Pregnancy weight gain is normal, but how much is too much? Here’s what you need to know to guide your nutrition clients through weight gain during pregnancy.

One of the women's most common experiences with pregnancy is naturally occurring weight gain. During this time, gaining weight is crucial, but many women wonder how much is normal and may even seek you out to determine the best foods to eat while pregnant. 

As a nutrition professional, you must provide the right nutrition support to help your clients navigate this time. Not only will this benefit the health of both mom and baby, but it can also mitigate excess weight gain and reduce the risk of pregnancy complications.

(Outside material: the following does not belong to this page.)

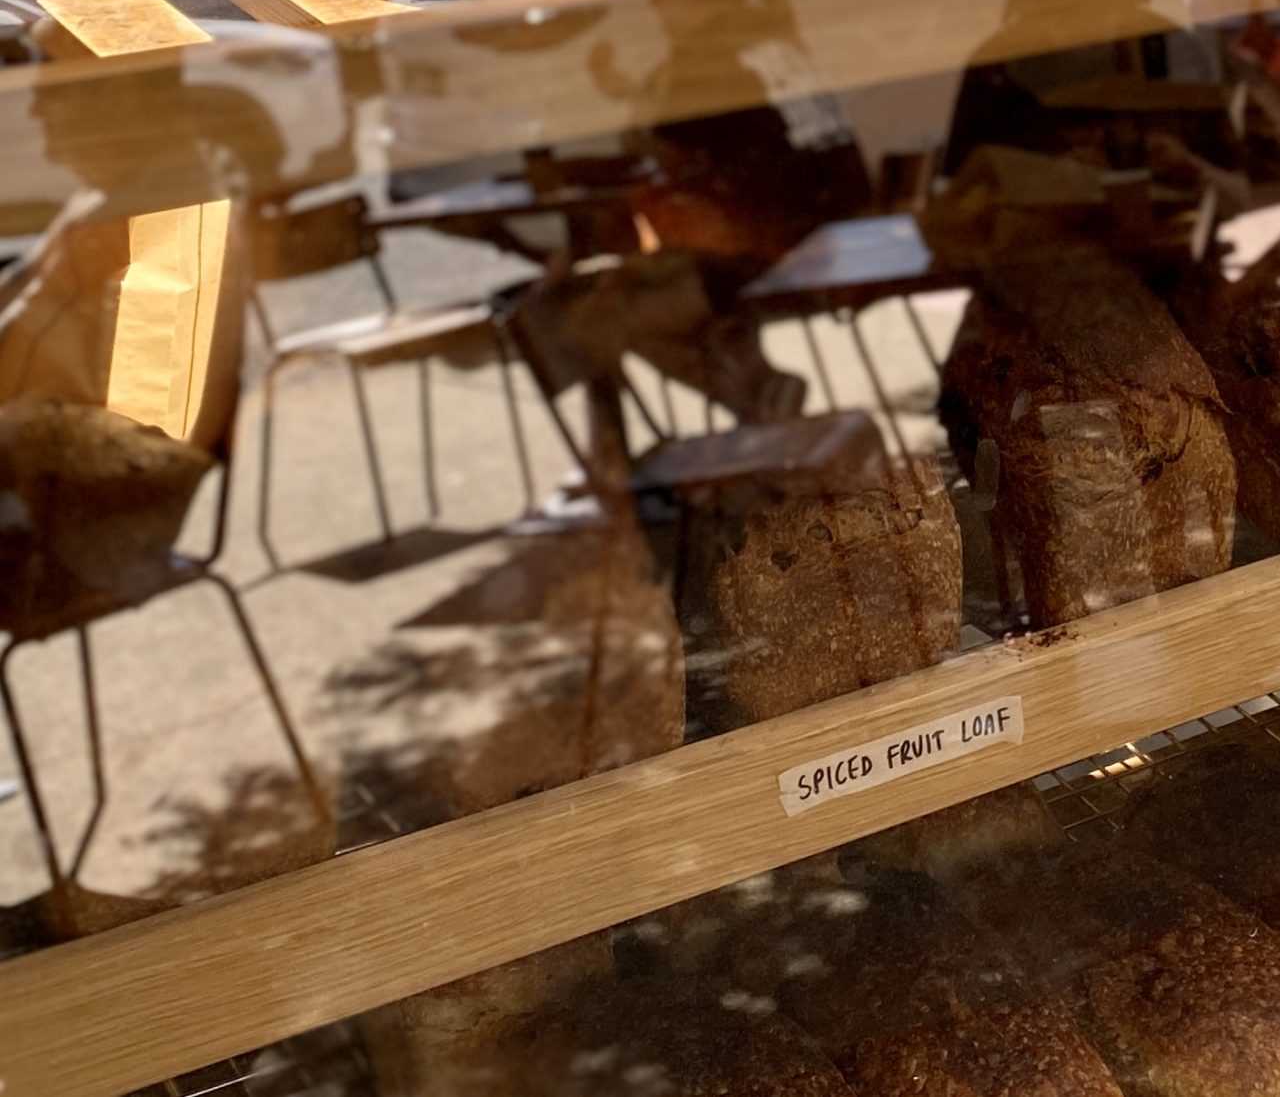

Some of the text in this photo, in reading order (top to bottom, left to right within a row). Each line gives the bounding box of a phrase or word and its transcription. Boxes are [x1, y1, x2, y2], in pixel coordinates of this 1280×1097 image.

In this article, we’re turning to science to better understand how much weight gain is normal, the subsequent health implications, and the best (and worst) foods to eat while pregnant.

Pregnancy weight gain: what is normal?

Weight gain during pregnancy is completely normal. However, too much or too little can have a negative impact on the health of the baby. 


How much weight should you gain during pregnancy?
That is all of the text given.